Photovoltaic performances of Cu2−xTe sensitizer based on undoped and indium3+-doped TiO2 photoelectrodes and assembled counter electrodes

• Indium doping acts as a trap state mediator to facilitate electron transfer in TiO2.
• Cu2S CE induced higher electrocatalytic activity and obtained more faster hole recovery rate.
• The main increased Jsc and Voc for carbon and Cu2S CEs, respectively, yielding the best η of 0.73%.
• The lower Rct indicated to the suppression in carrier recombination due to In3+ doping and Cu2S CE.

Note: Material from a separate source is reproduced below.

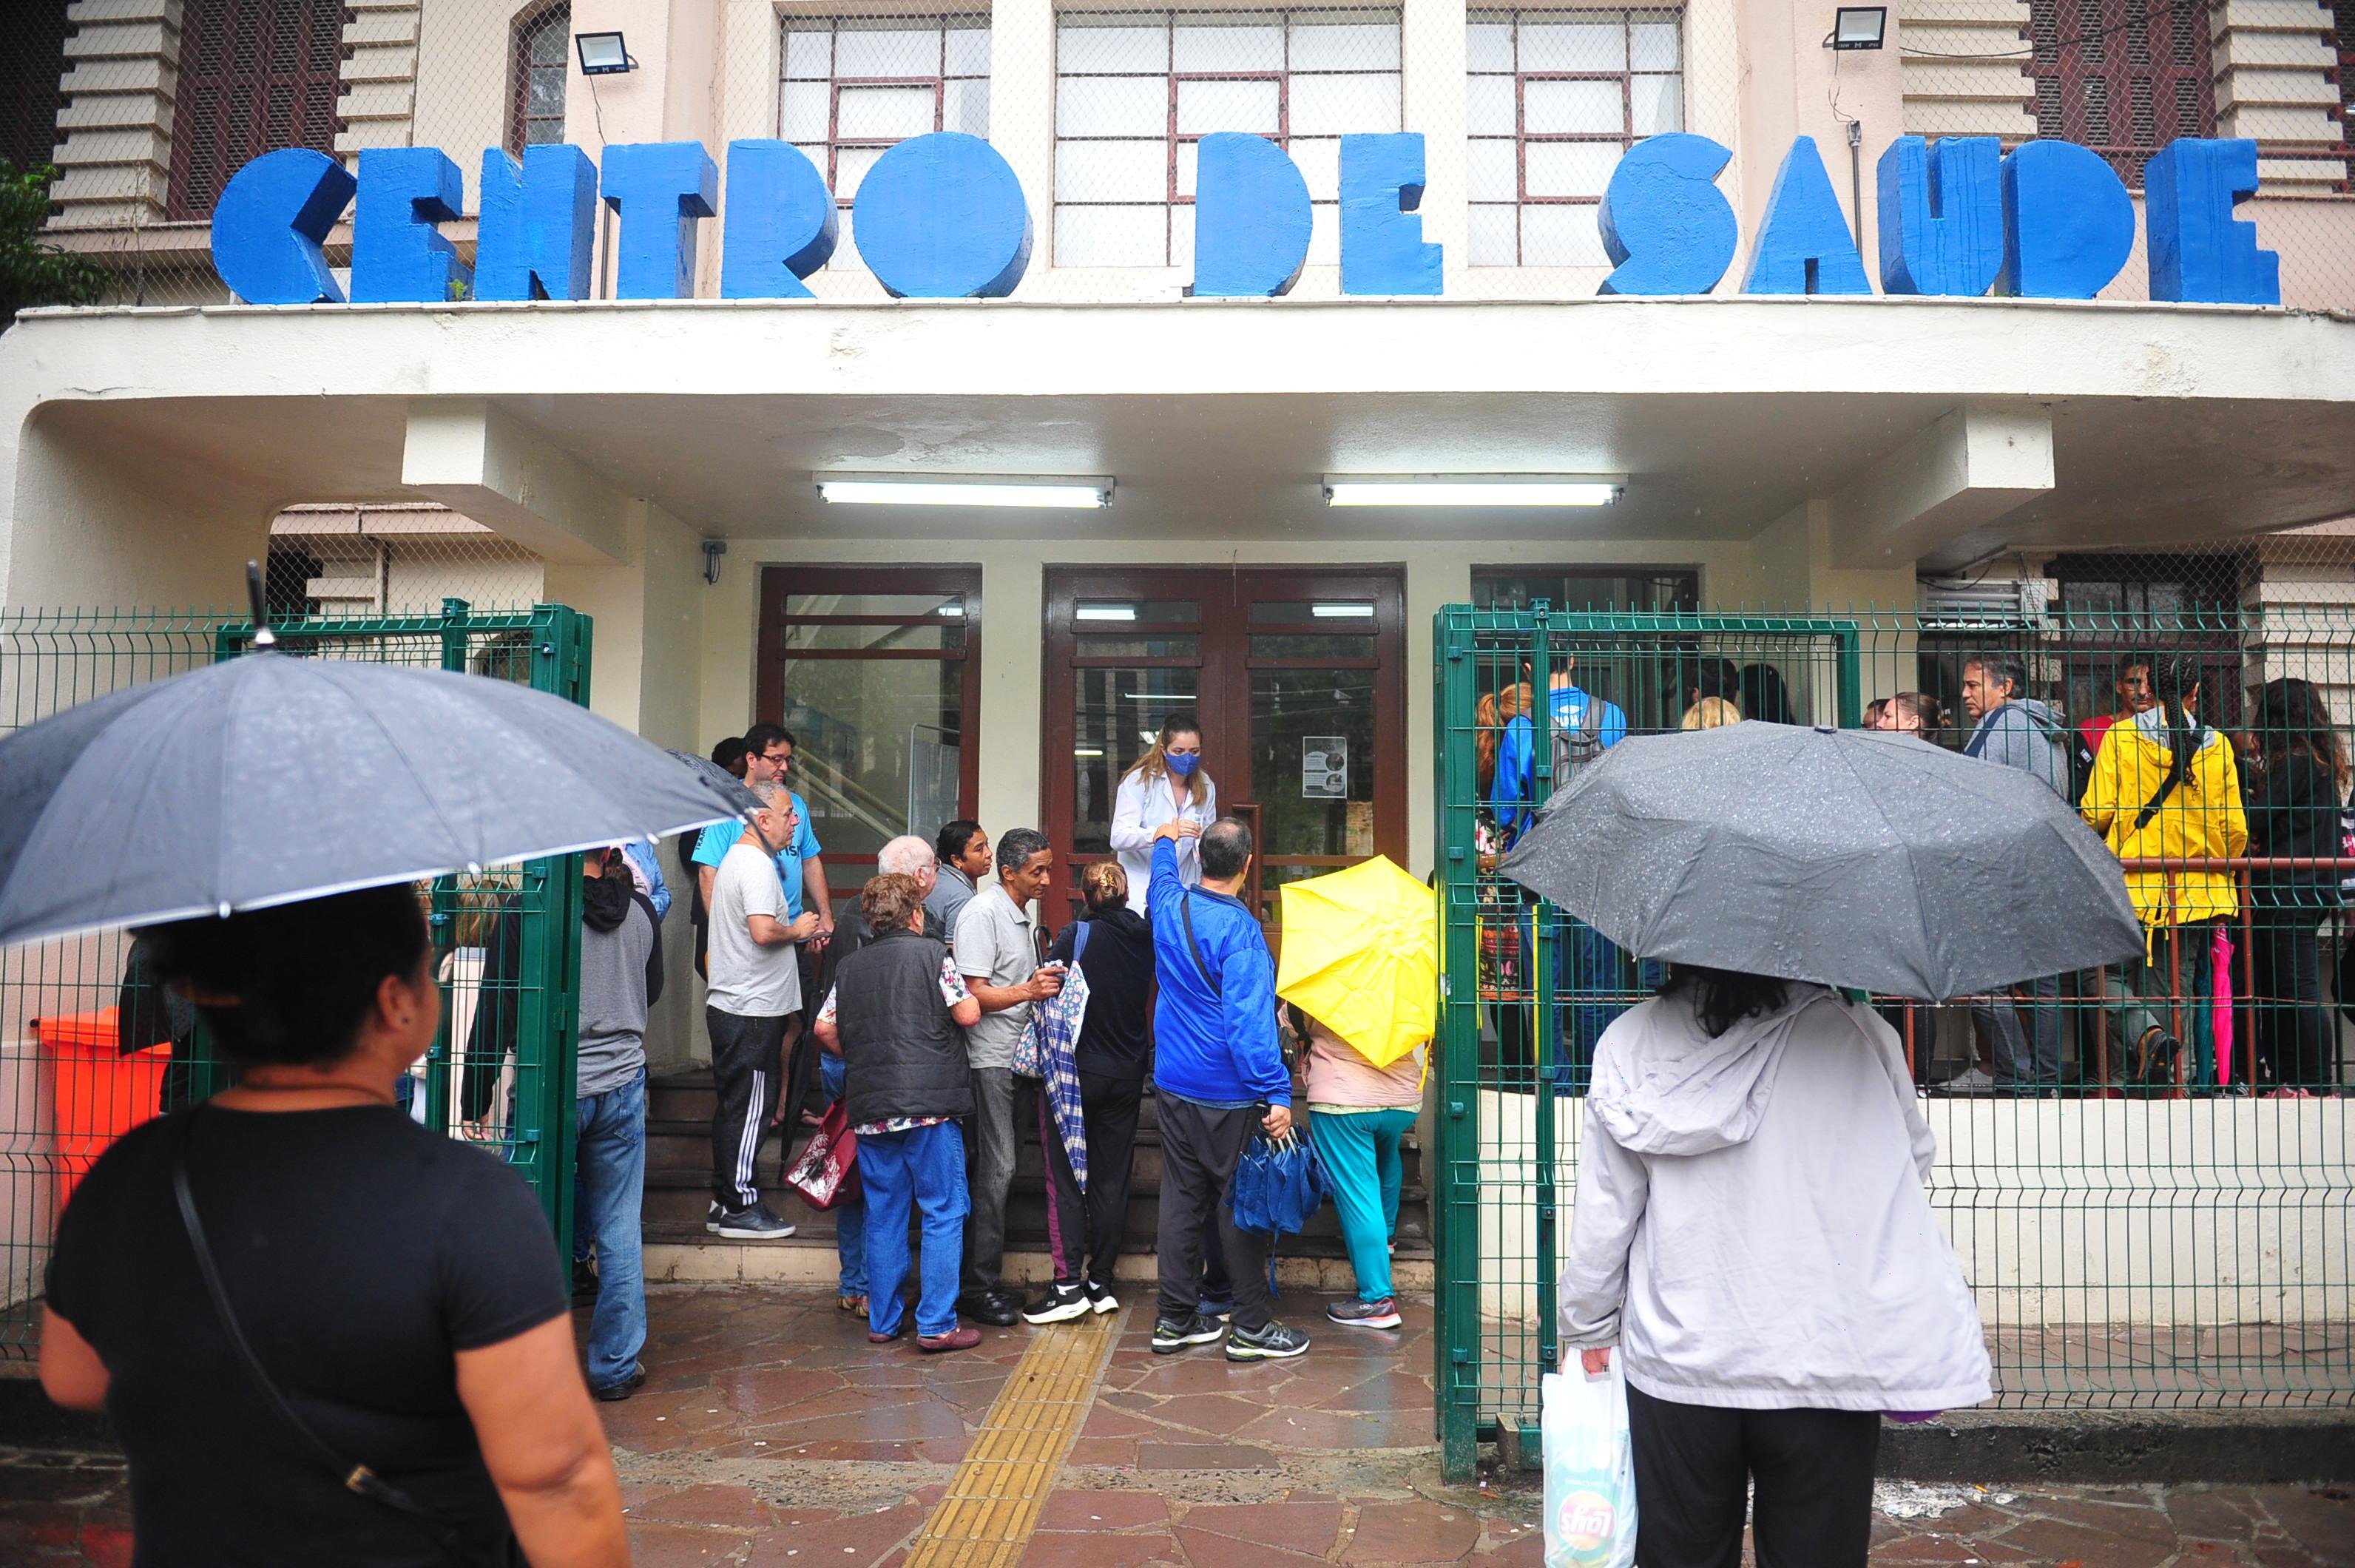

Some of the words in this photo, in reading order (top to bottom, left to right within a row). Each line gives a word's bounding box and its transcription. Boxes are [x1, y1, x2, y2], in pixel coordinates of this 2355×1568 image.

Novel binary Cu2−xTe nanoparticles based on undoped and indium-doped TiO2 photoelectrodes were synthesized using a successive ionic layer adsorption and reaction (SILAR) technique as a sensitizer for liquid-junction solar cells. A larger diameter of TiO2 promoted a narrower energy band gap after indium doping, attributing to yield a broader absorption range of nanoparticle sensitizer due to the increasing amount of Cu2−xTe NPs on TiO2 surface. The atomic percentages showed the stoichiometric formation of Cu2Te incorporated in a Cu2−xTe structure. The best photovoltaic performance with the lower SILAR cycle, i.e., n = 13 was performed after indium doping in both of carbon and Cu2S CEs and revealed that the efficiency of 0.73% under the radiant 100 mW/cm2 (AM 1.5G). The electrochemical impedance spectroscopy (EIS) was used to investigate the electrical properties via effect of material doping and counter electrodes with a lower charge-transfer resistance (Rct) and it was also found that the electron lifetime was improved after the sample doped with indium and assembled with carbon CE.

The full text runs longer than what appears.